[Data records]
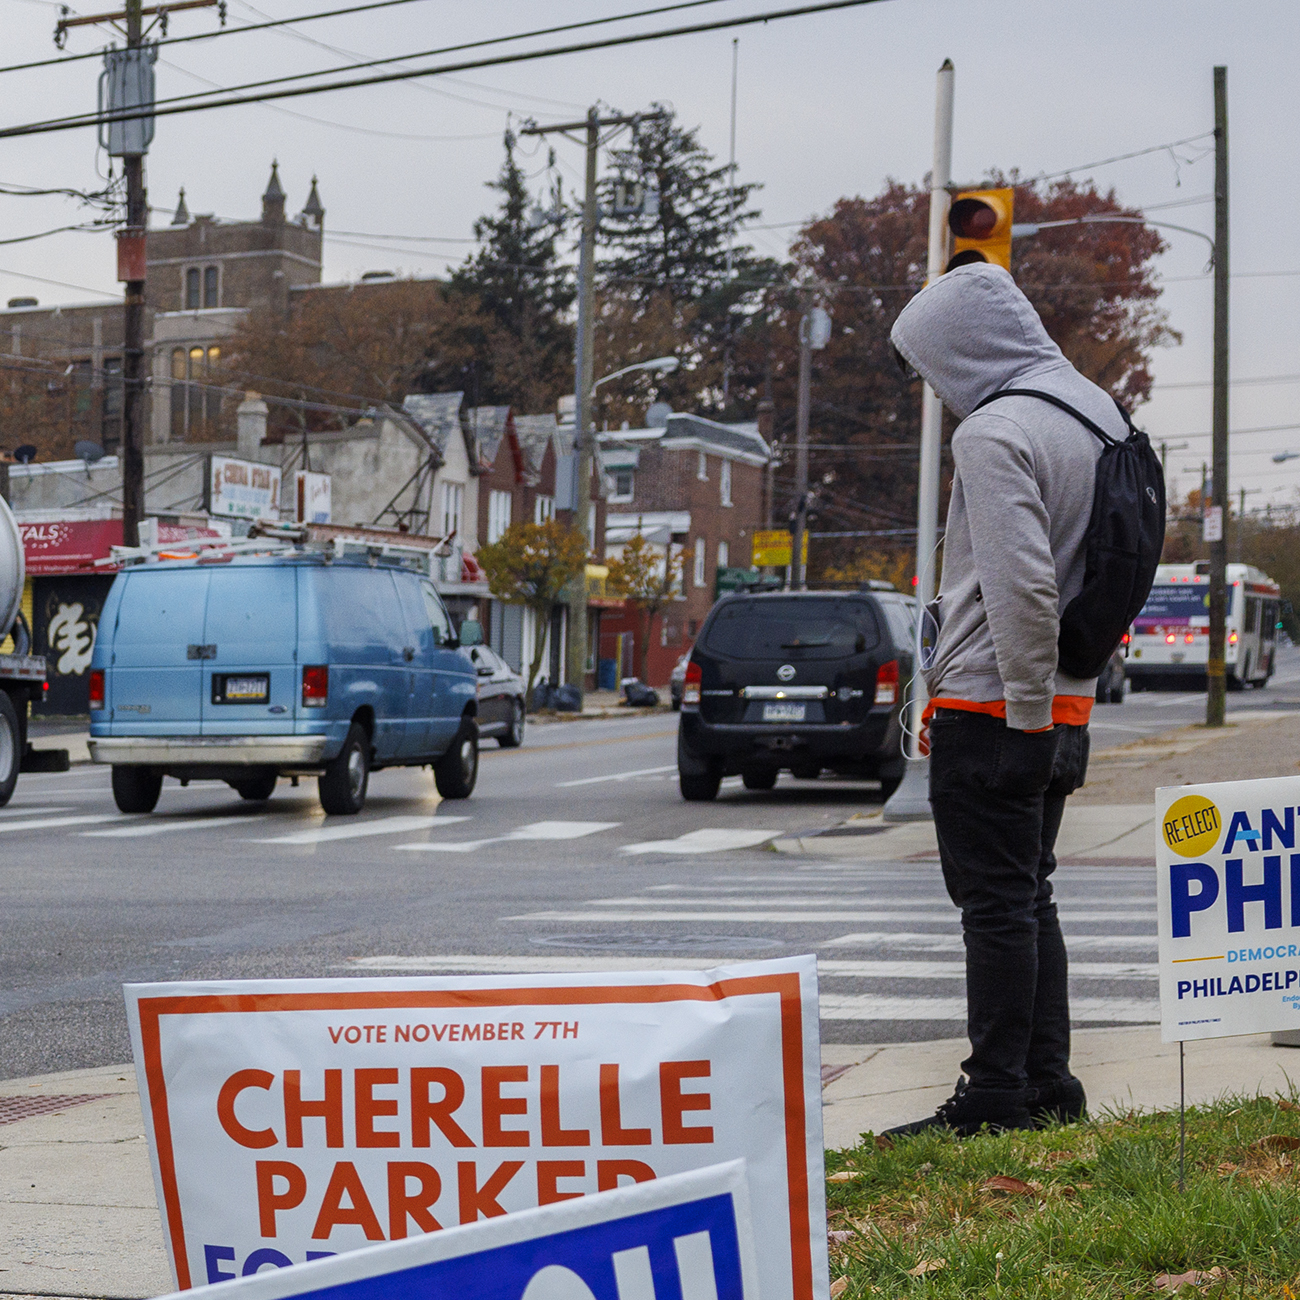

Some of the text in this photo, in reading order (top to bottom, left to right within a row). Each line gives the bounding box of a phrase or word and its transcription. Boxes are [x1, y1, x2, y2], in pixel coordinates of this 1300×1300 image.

[19, 525, 59, 541] TALS
[1164, 805, 1219, 846] RE-ELECT
[1221, 806, 1300, 855] AN
[1177, 970, 1300, 1000] PHILADELP
[328, 1020, 580, 1045] VOTE NOVEMBER 7TH
[216, 1059, 715, 1150] CHERELLE

* EXERCISE
In your copy of the entries above, keep the text exact and leave out the pictures.

* ANSWER TO THE EXERCISE
Some of the text in this photo, in reading order (top to bottom, left to right within a row). Each line gives the bounding box of a phrase or word and its transcription. Boxes are [x1, y1, x2, y2], in pixel coordinates of this 1300×1300 image.

[19, 525, 59, 541] TALS
[1164, 805, 1219, 846] RE-ELECT
[1221, 806, 1300, 855] AN
[1177, 970, 1300, 1000] PHILADELP
[328, 1020, 580, 1045] VOTE NOVEMBER 7TH
[216, 1059, 715, 1150] CHERELLE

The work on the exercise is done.